Items from a dataset
******

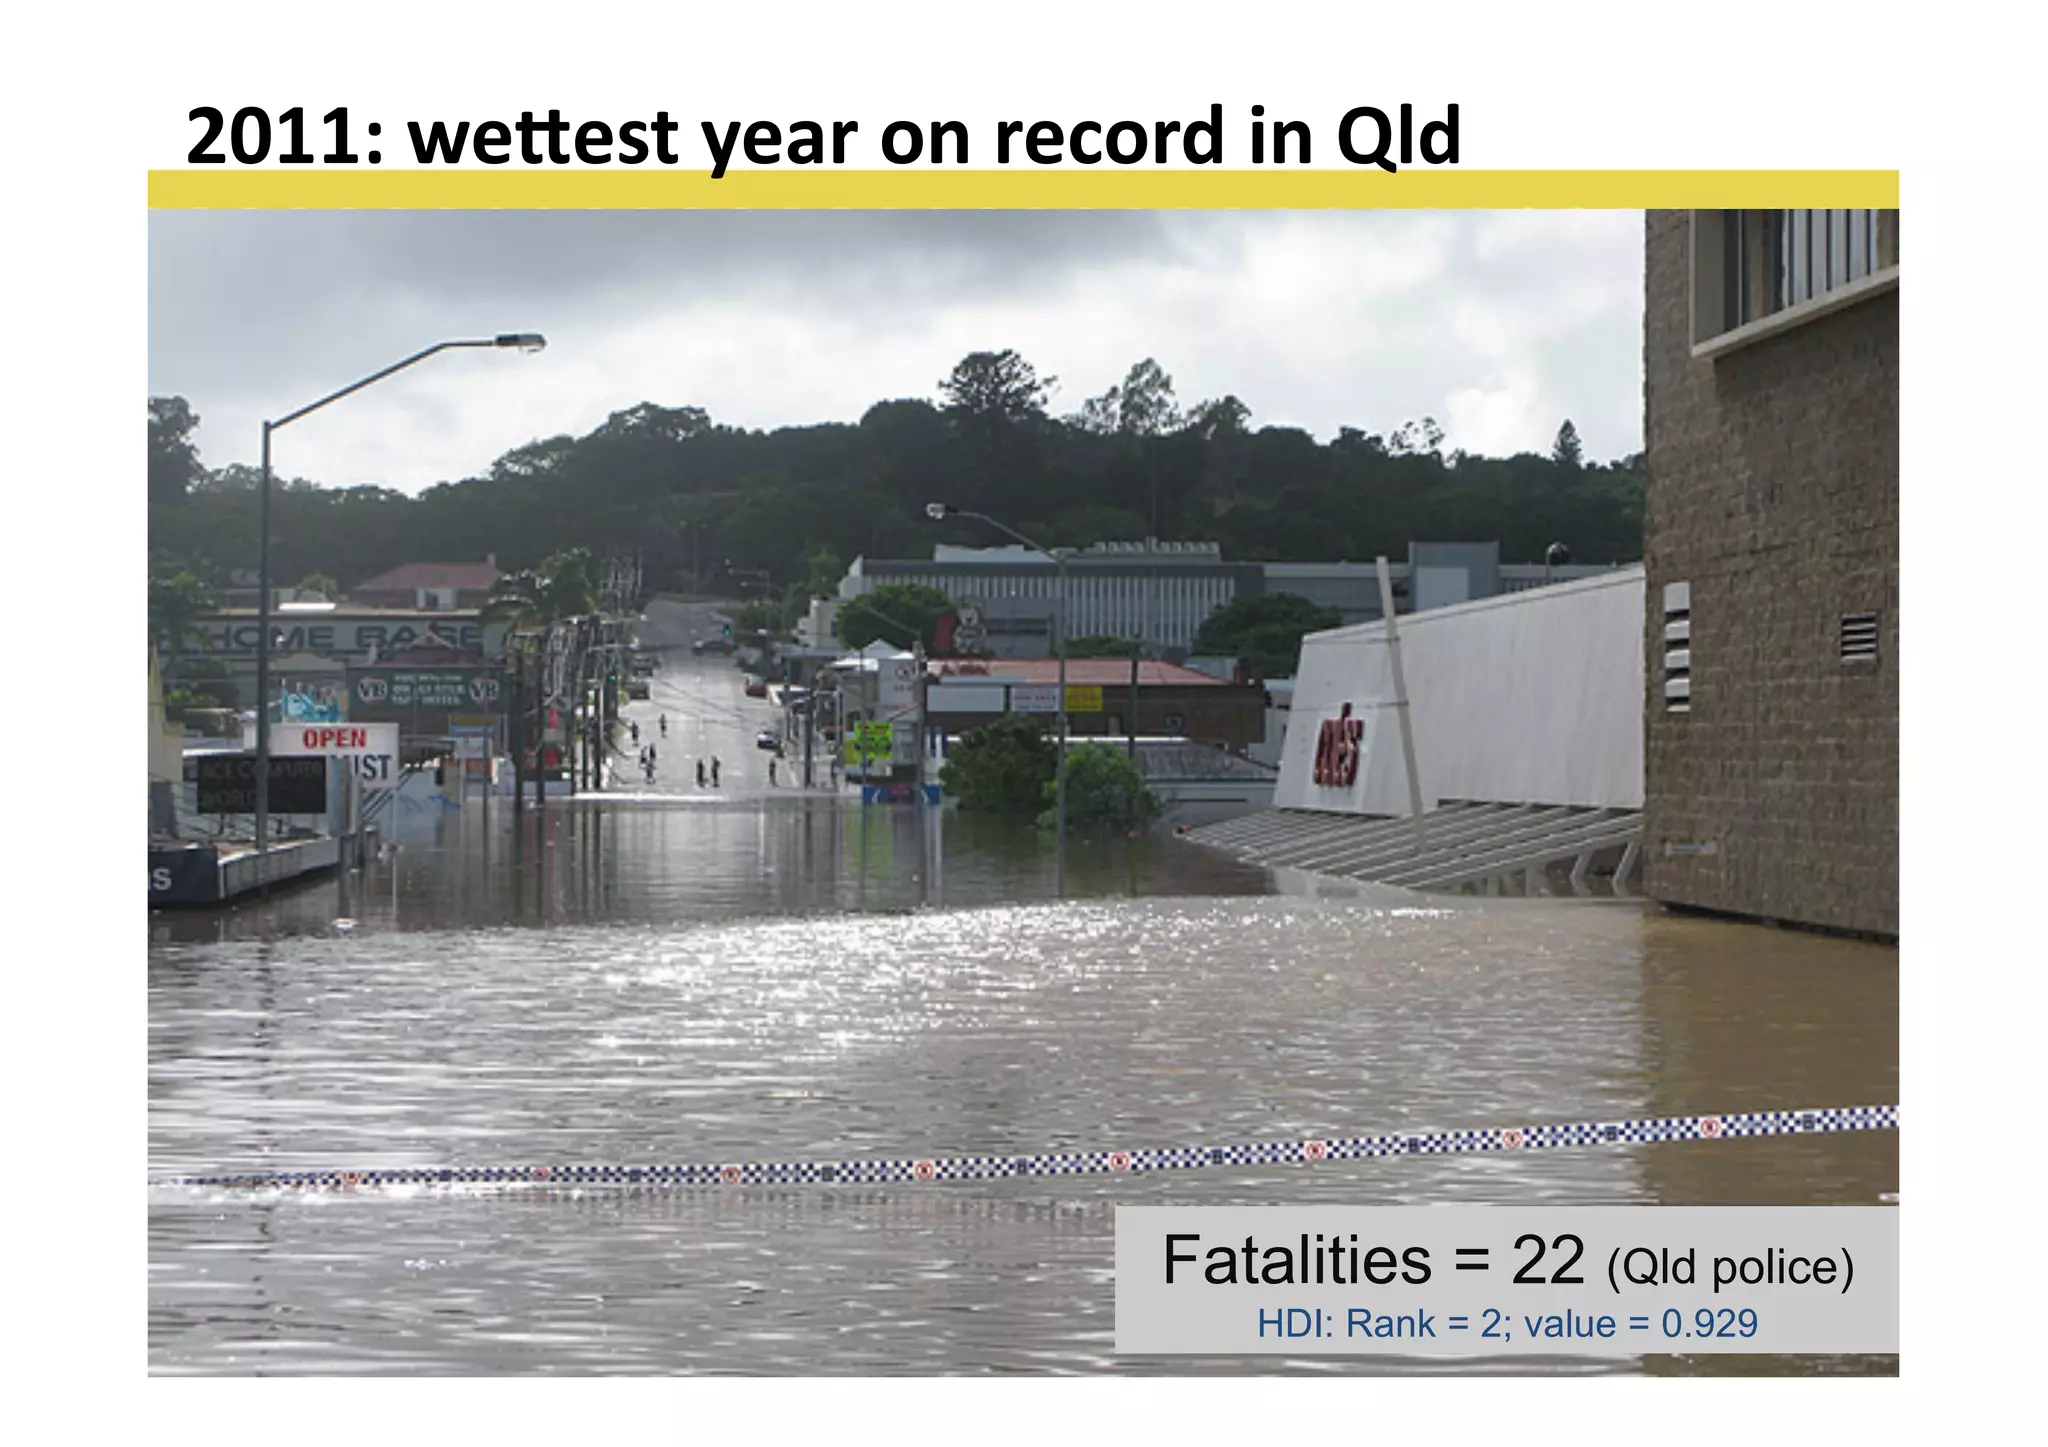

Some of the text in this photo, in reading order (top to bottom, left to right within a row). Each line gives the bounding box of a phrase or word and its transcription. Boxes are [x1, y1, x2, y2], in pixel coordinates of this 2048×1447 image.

[203, 626, 335, 649] HOME
[303, 728, 367, 749] OPEN
[148, 867, 171, 890] S
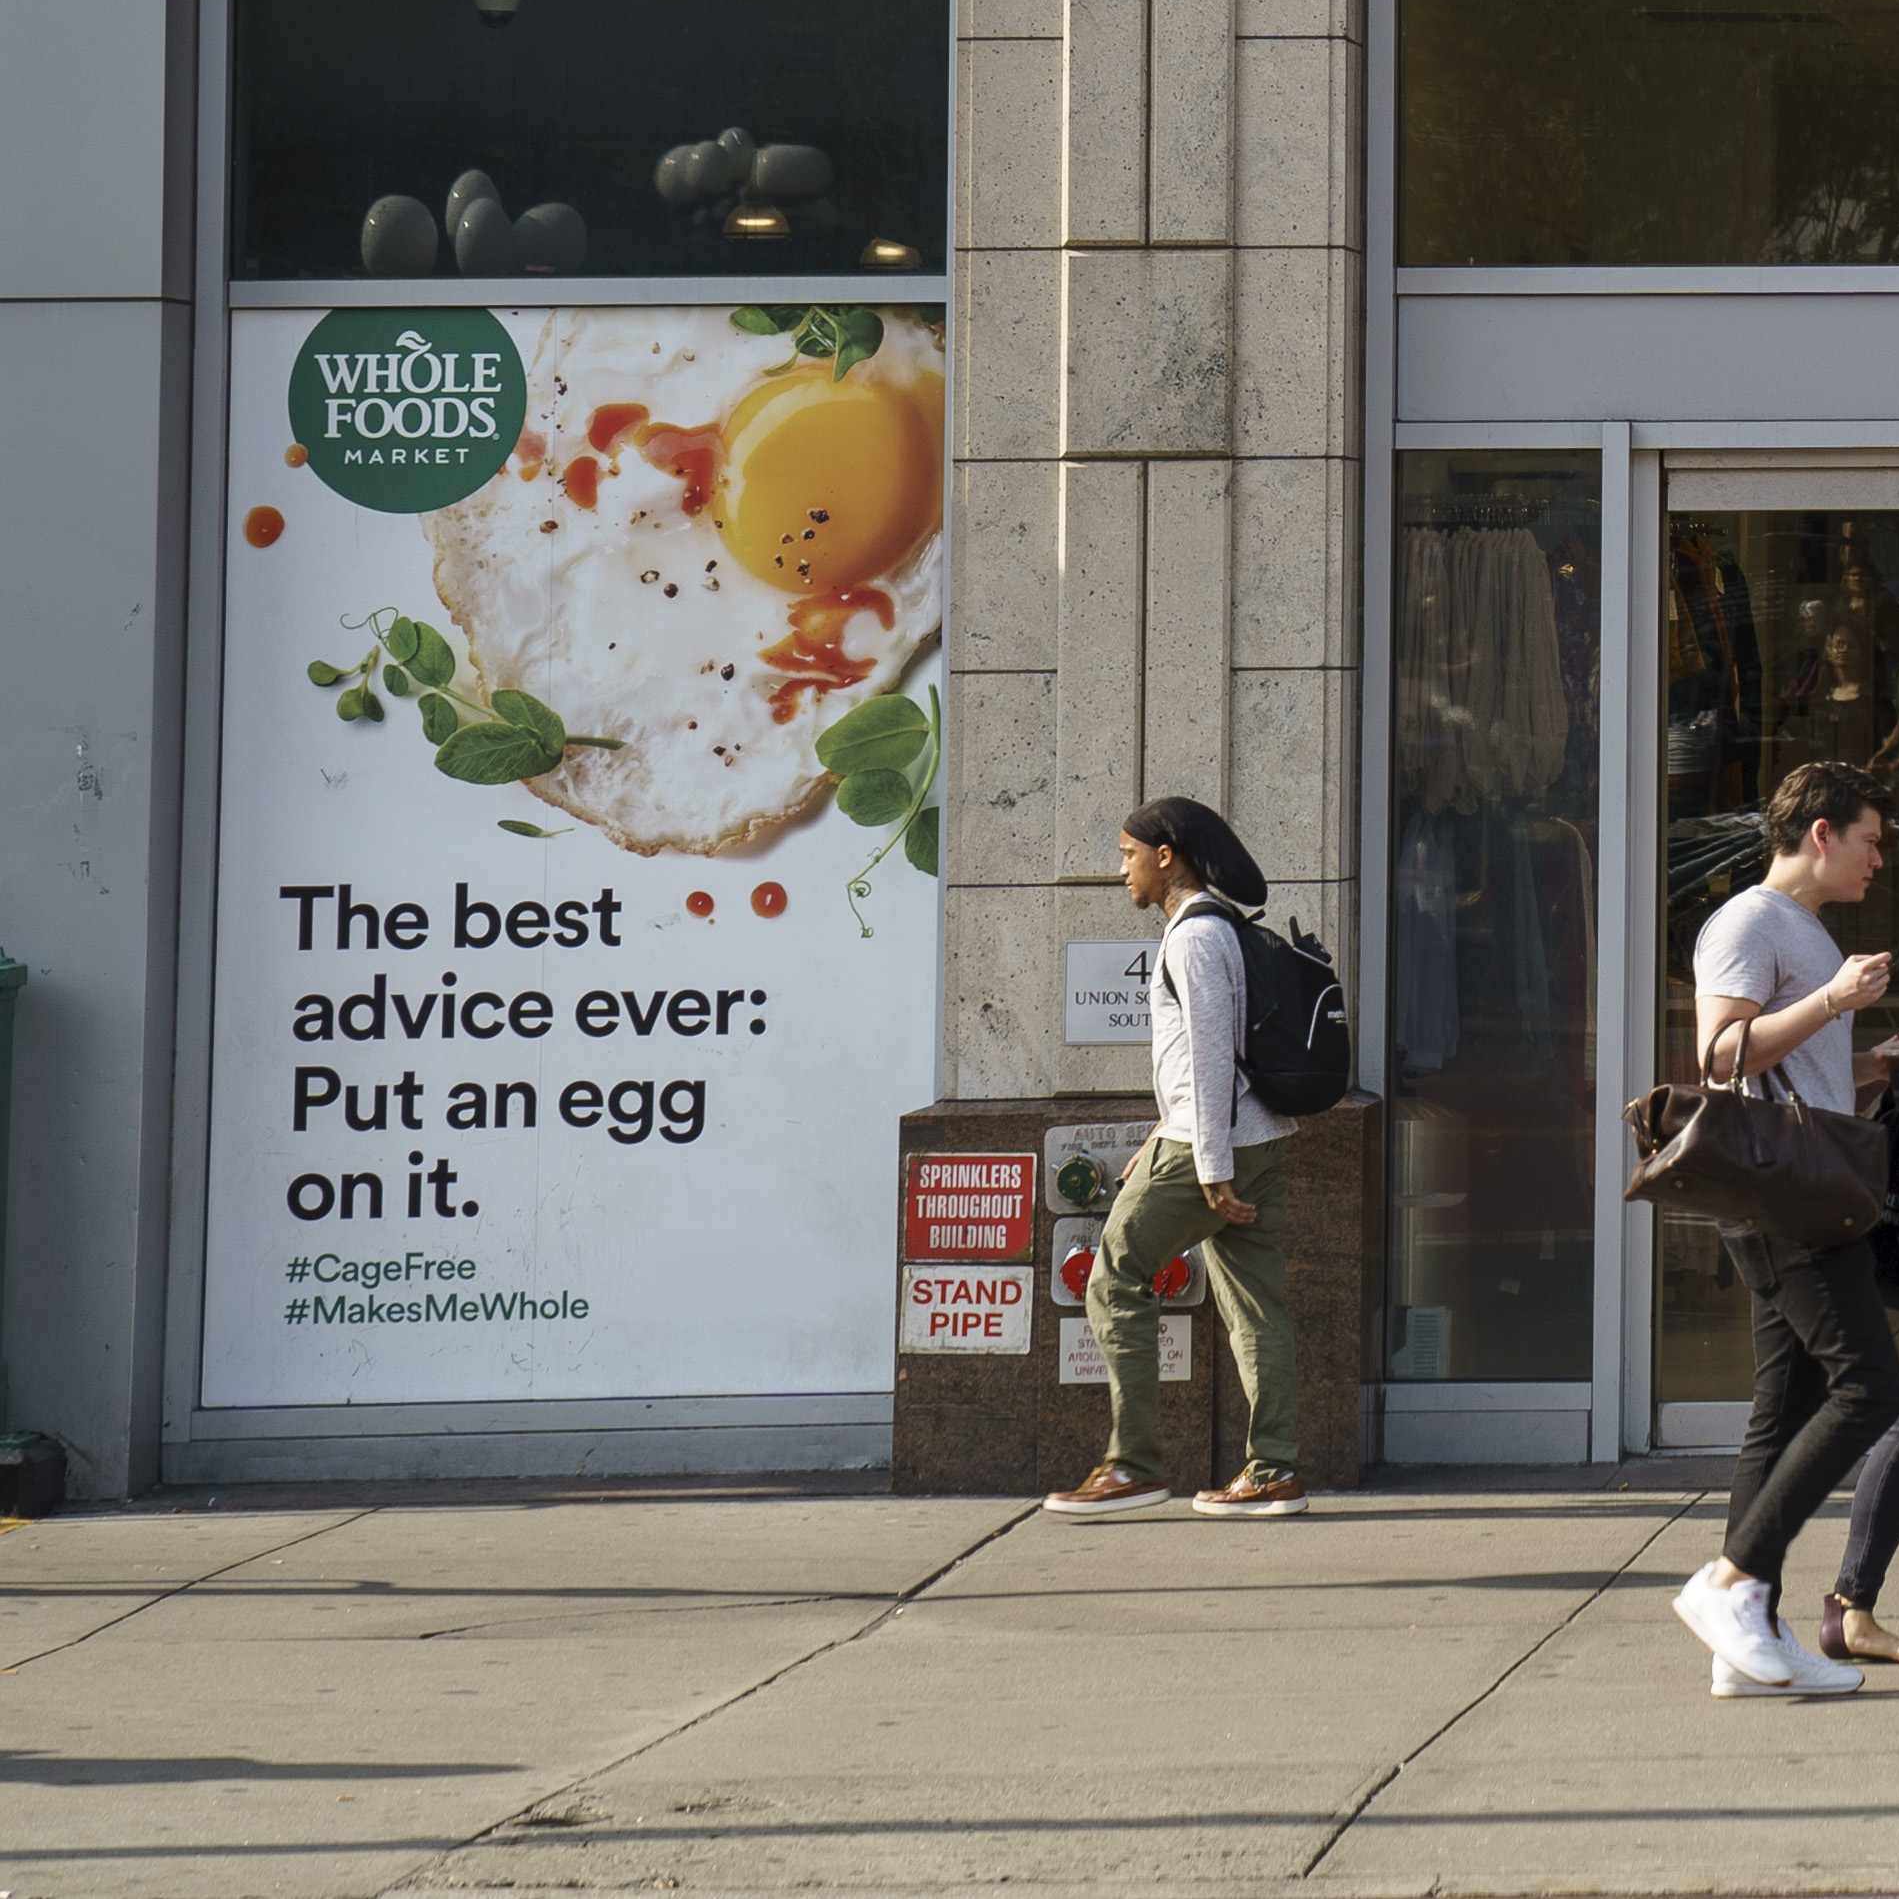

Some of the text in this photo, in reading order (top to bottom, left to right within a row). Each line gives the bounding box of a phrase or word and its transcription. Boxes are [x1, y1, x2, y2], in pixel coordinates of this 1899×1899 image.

[314, 346, 502, 393] WHOLE
[324, 398, 496, 439] FOODS
[344, 448, 469, 465] MARKET
[280, 882, 622, 950] The best
[1124, 950, 1152, 985] 4
[292, 971, 767, 1041] advice ever:
[1076, 991, 1128, 1005] UNION
[1109, 1013, 1152, 1027] SOUT
[293, 1066, 706, 1144] Put an egg
[286, 1150, 479, 1221] on it.
[920, 1164, 1022, 1189] SPRINKLERS
[916, 1194, 1024, 1219] THROUGHOUT
[930, 1225, 1007, 1249] BUILDING
[285, 1253, 476, 1289] #CageFree
[912, 1279, 1023, 1305] STAND
[284, 1290, 589, 1325] #MakesMeWhole
[929, 1313, 1003, 1337] PIPE
[1068, 1353, 1105, 1362] AROU

******

What is required:
Return verbatim each line from the one that mentions "this 1899×1899 image." to the end of the entries, inclusive.

Worked solution:
Some of the text in this photo, in reading order (top to bottom, left to right within a row). Each line gives the bounding box of a phrase or word and its transcription. Boxes are [x1, y1, x2, y2], in pixel coordinates of this 1899×1899 image.

[314, 346, 502, 393] WHOLE
[324, 398, 496, 439] FOODS
[344, 448, 469, 465] MARKET
[280, 882, 622, 950] The best
[1124, 950, 1152, 985] 4
[292, 971, 767, 1041] advice ever:
[1076, 991, 1128, 1005] UNION
[1109, 1013, 1152, 1027] SOUT
[293, 1066, 706, 1144] Put an egg
[286, 1150, 479, 1221] on it.
[920, 1164, 1022, 1189] SPRINKLERS
[916, 1194, 1024, 1219] THROUGHOUT
[930, 1225, 1007, 1249] BUILDING
[285, 1253, 476, 1289] #CageFree
[912, 1279, 1023, 1305] STAND
[284, 1290, 589, 1325] #MakesMeWhole
[929, 1313, 1003, 1337] PIPE
[1068, 1353, 1105, 1362] AROU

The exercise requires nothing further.